"""
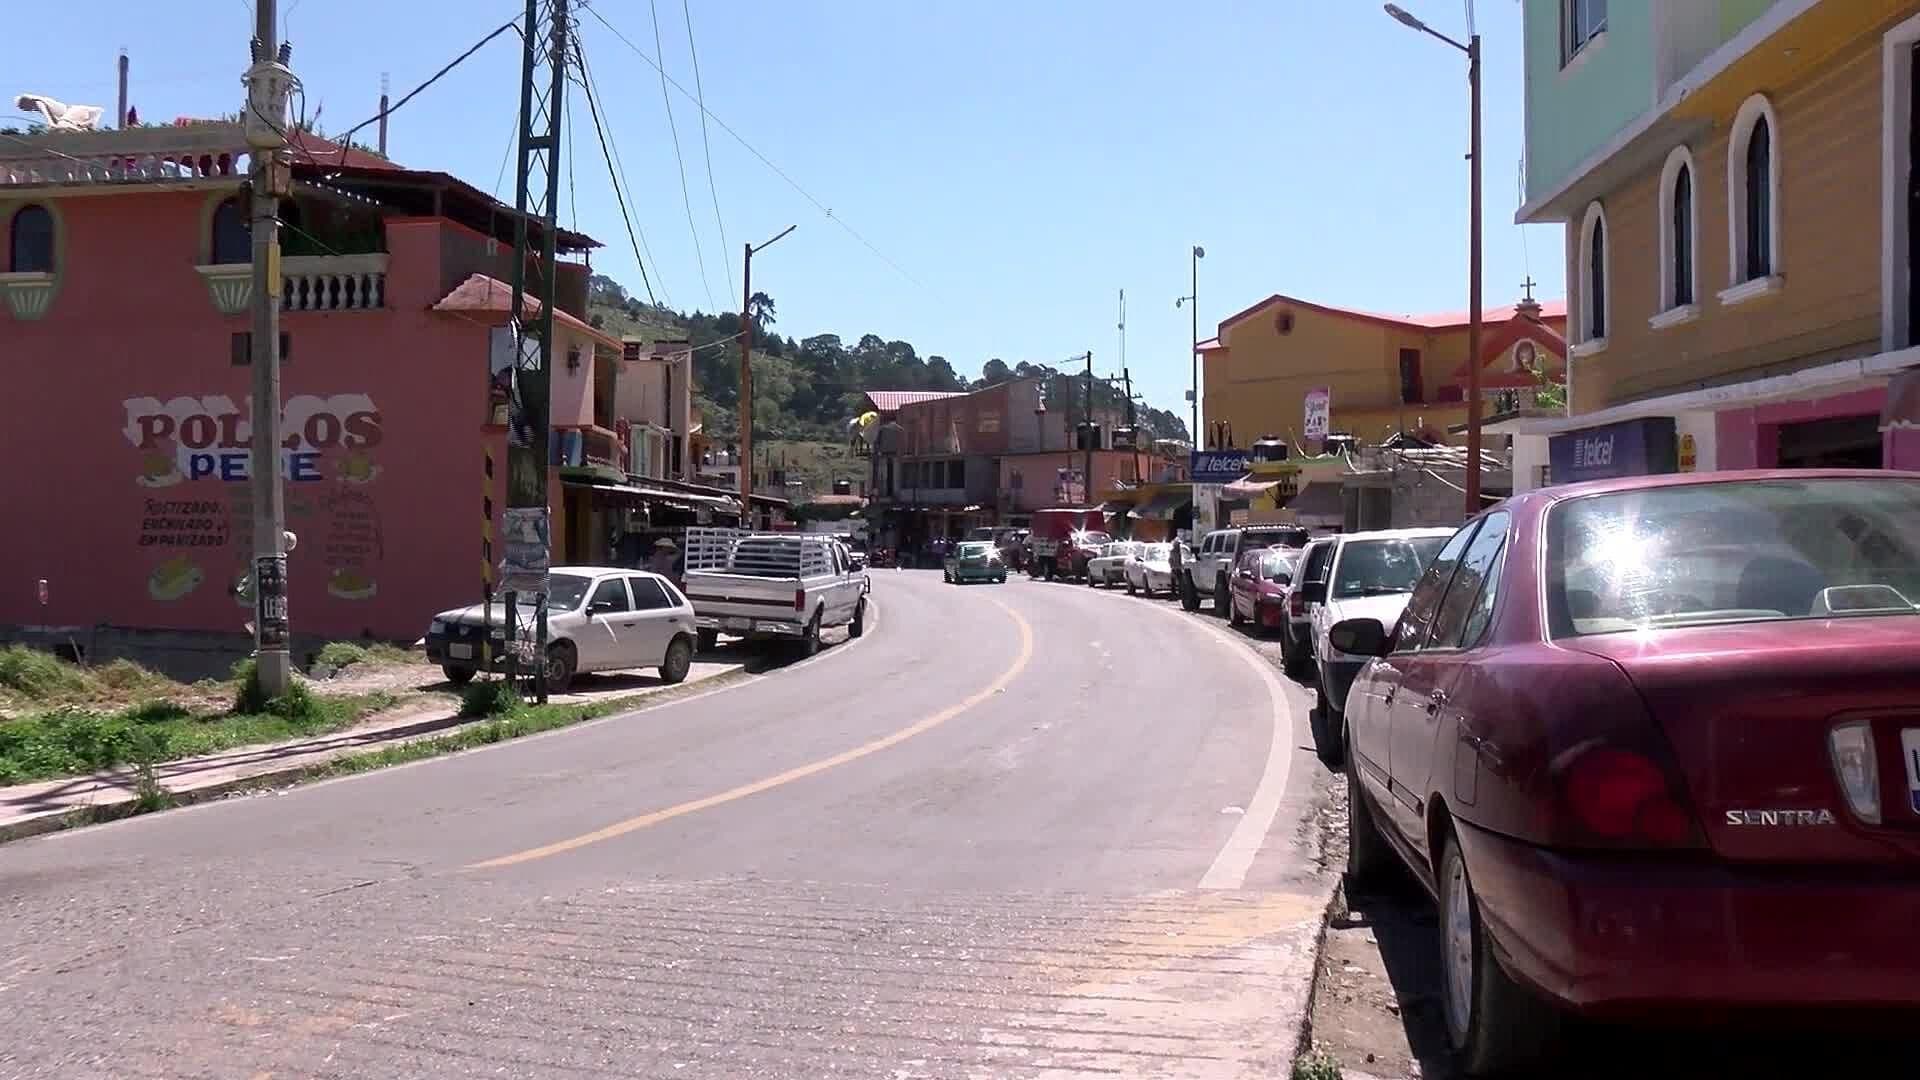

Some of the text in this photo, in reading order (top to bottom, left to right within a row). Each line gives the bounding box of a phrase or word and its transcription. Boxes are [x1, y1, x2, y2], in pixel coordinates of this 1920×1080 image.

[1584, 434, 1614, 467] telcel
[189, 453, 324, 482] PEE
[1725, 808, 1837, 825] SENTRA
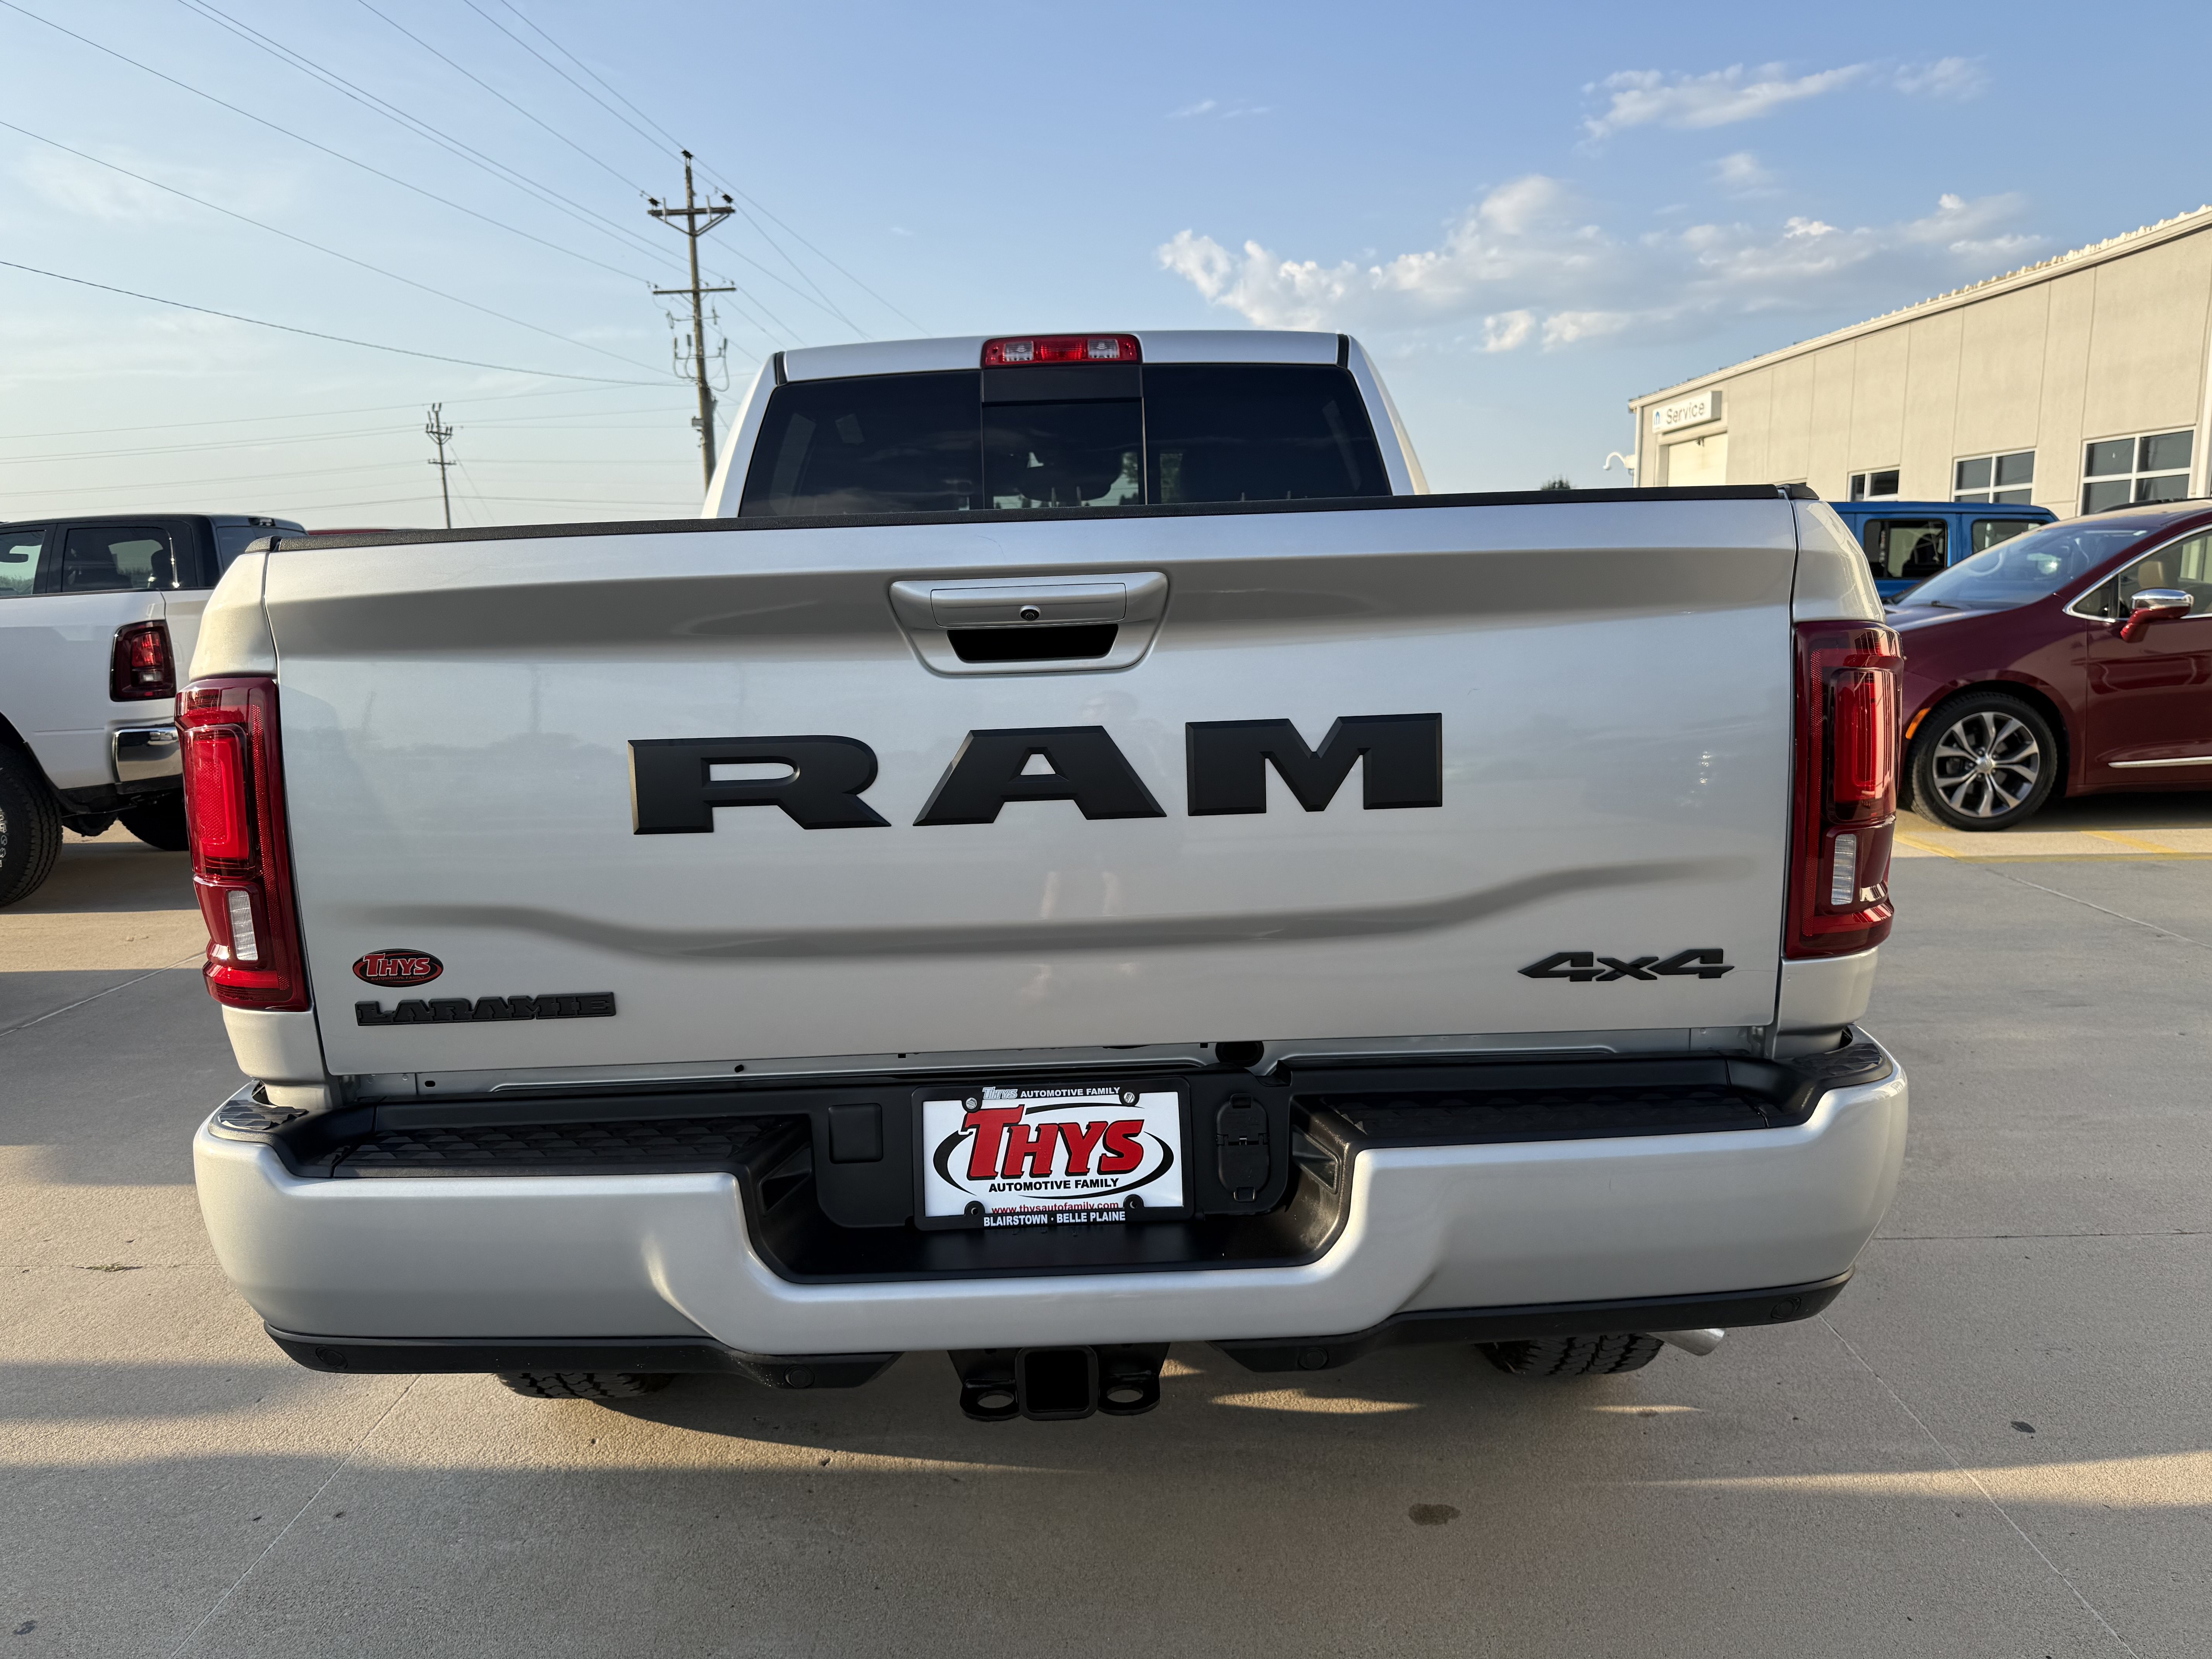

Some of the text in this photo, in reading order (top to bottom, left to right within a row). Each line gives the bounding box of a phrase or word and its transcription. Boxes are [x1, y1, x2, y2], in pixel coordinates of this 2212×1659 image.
"""
# Aim of the exercise
Start to finish, write out the data above exactly, omitting all pictures.

# Finished task
Some of the text in this photo, in reading order (top to bottom, left to right within a row). Each line gives the bounding box of a phrase or word and its transcription. Boxes are [x1, y1, x2, y2], in pixel coordinates of this 1920×1080 image.

[1584, 434, 1614, 467] telcel
[189, 453, 324, 482] PEE
[1725, 808, 1837, 825] SENTRA

Some of the text in this photo, in reading order (top to bottom, left to right within a row). Each line gives the bounding box of a phrase or word and its transcription. Boxes are [x1, y1, x2, y2], in pixel coordinates of this 2212×1659 image.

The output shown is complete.